WHAT YOU SHOULD DO ::
From top to bottom, write out the listing exactly and skip every picture.

PROVIDED RECORDS ::
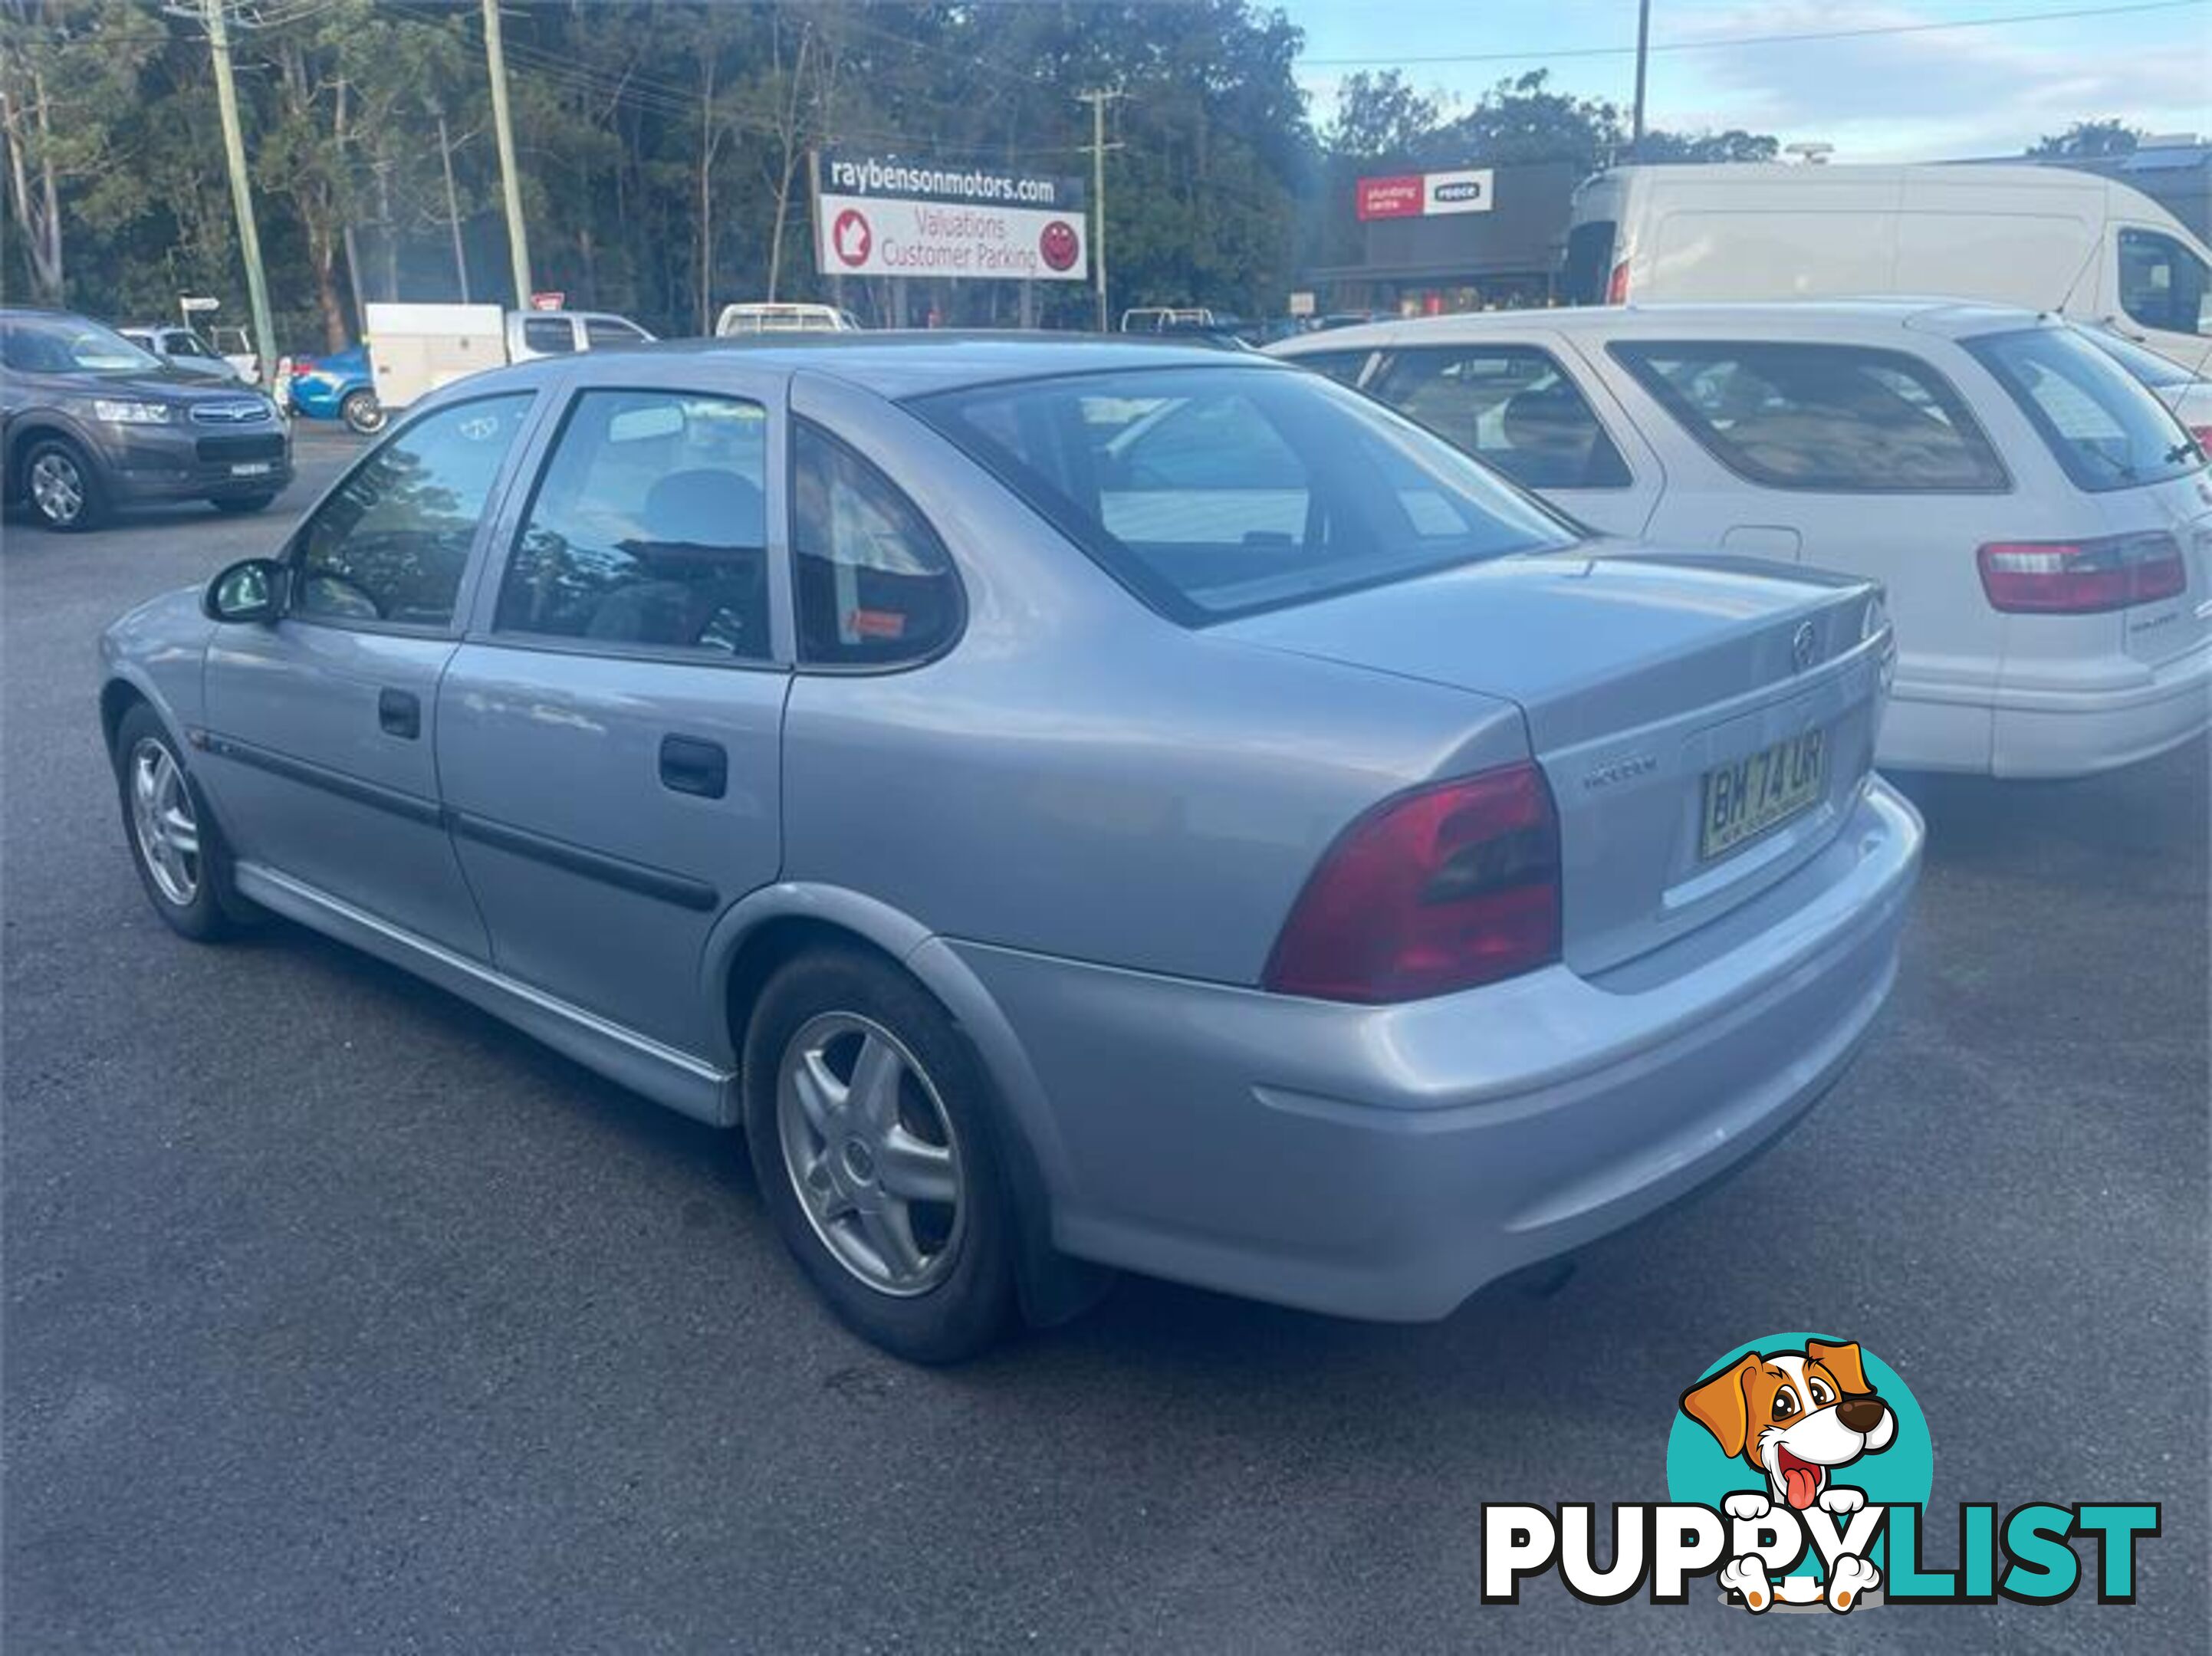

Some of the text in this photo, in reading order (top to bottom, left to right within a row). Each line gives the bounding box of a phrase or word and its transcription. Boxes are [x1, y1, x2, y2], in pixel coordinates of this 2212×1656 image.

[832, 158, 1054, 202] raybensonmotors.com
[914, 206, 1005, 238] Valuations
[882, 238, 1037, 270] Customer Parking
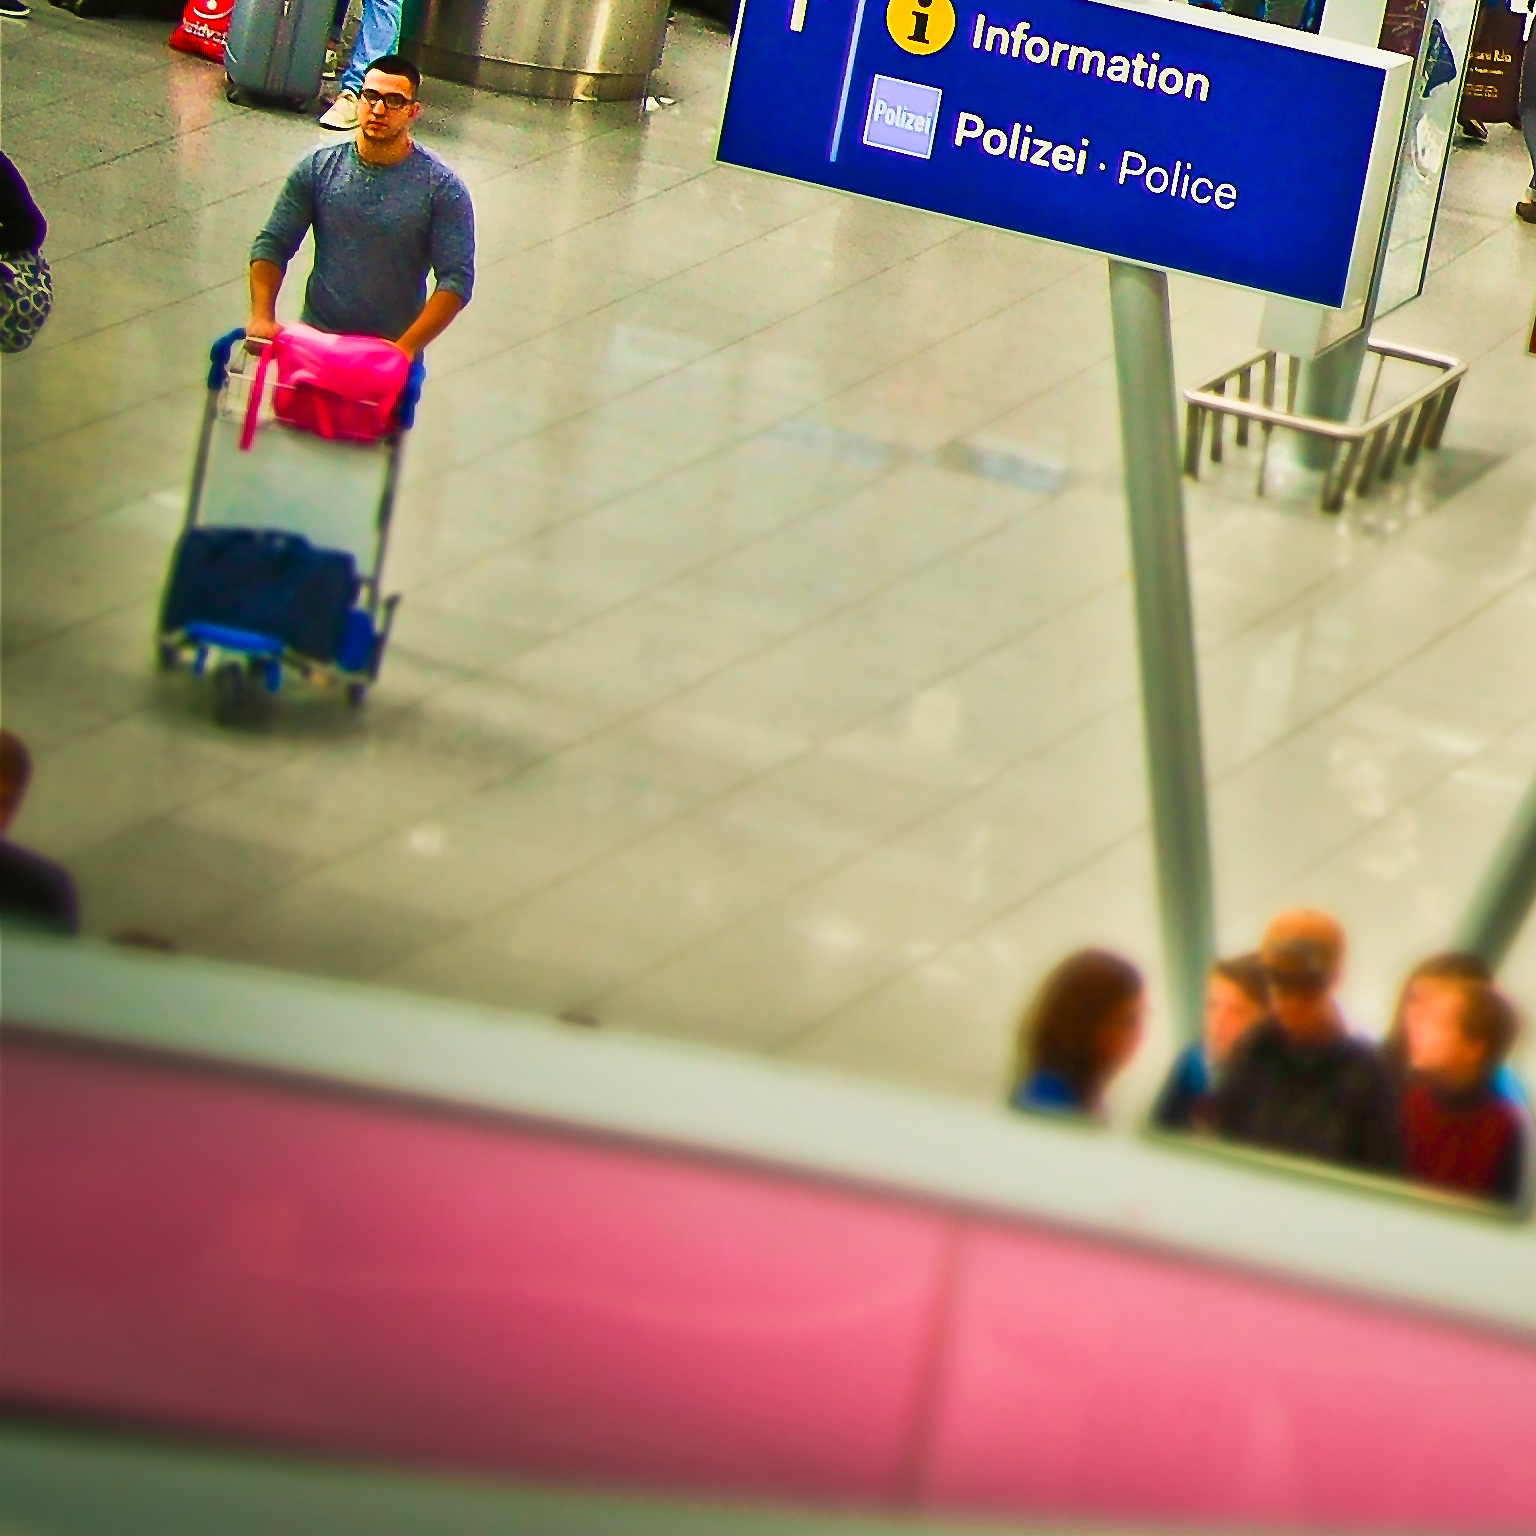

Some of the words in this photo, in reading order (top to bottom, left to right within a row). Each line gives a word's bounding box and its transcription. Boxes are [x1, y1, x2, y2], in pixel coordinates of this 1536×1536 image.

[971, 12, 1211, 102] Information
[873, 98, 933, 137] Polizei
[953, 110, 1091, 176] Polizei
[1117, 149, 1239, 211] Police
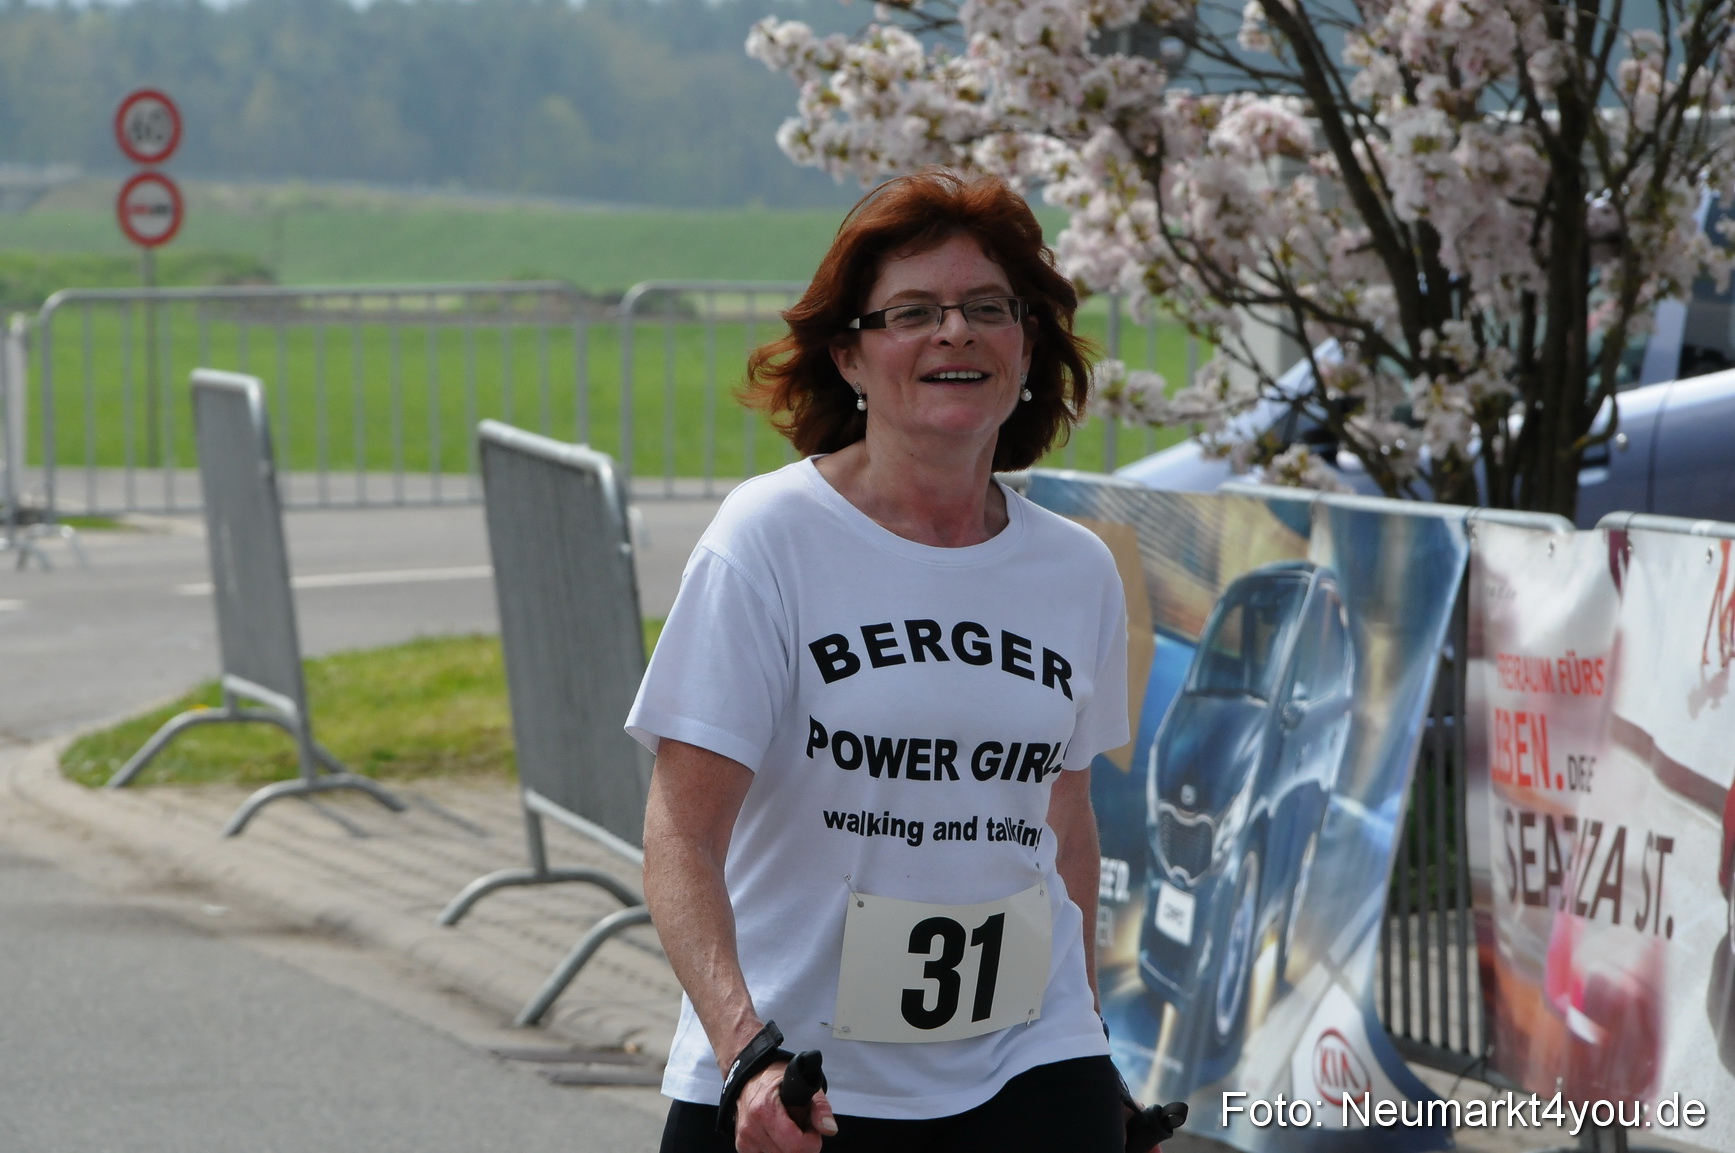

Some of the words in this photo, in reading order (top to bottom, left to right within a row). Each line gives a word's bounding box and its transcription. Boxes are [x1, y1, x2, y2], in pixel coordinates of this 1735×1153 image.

SOLVED EXERCISE ::
Some of the text in this photo, in reading order (top to bottom, left to right within a row). Each line gives the bounding box of a phrase or word and its transcription. Boxes are [x1, y1, x2, y2], in pixel coordinates of this 2212×1656 image.

[832, 158, 1054, 202] raybensonmotors.com
[914, 206, 1005, 238] Valuations
[882, 238, 1037, 270] Customer Parking

Some of the words in this photo, in reading order (top to bottom, left to right within a row). Each line gives a word's bounding box and its transcription. Boxes are [x1, y1, x2, y2], in pixel coordinates of this 1536×1536 image.

[971, 12, 1211, 102] Information
[873, 98, 933, 137] Polizei
[953, 110, 1091, 176] Polizei
[1117, 149, 1239, 211] Police

Some of the words in this photo, in reading order (top to bottom, left to right within a row). Each line gives a word's bounding box and its transcription. Boxes are [x1, y1, x2, y2], in pixel coordinates of this 1735×1153 image.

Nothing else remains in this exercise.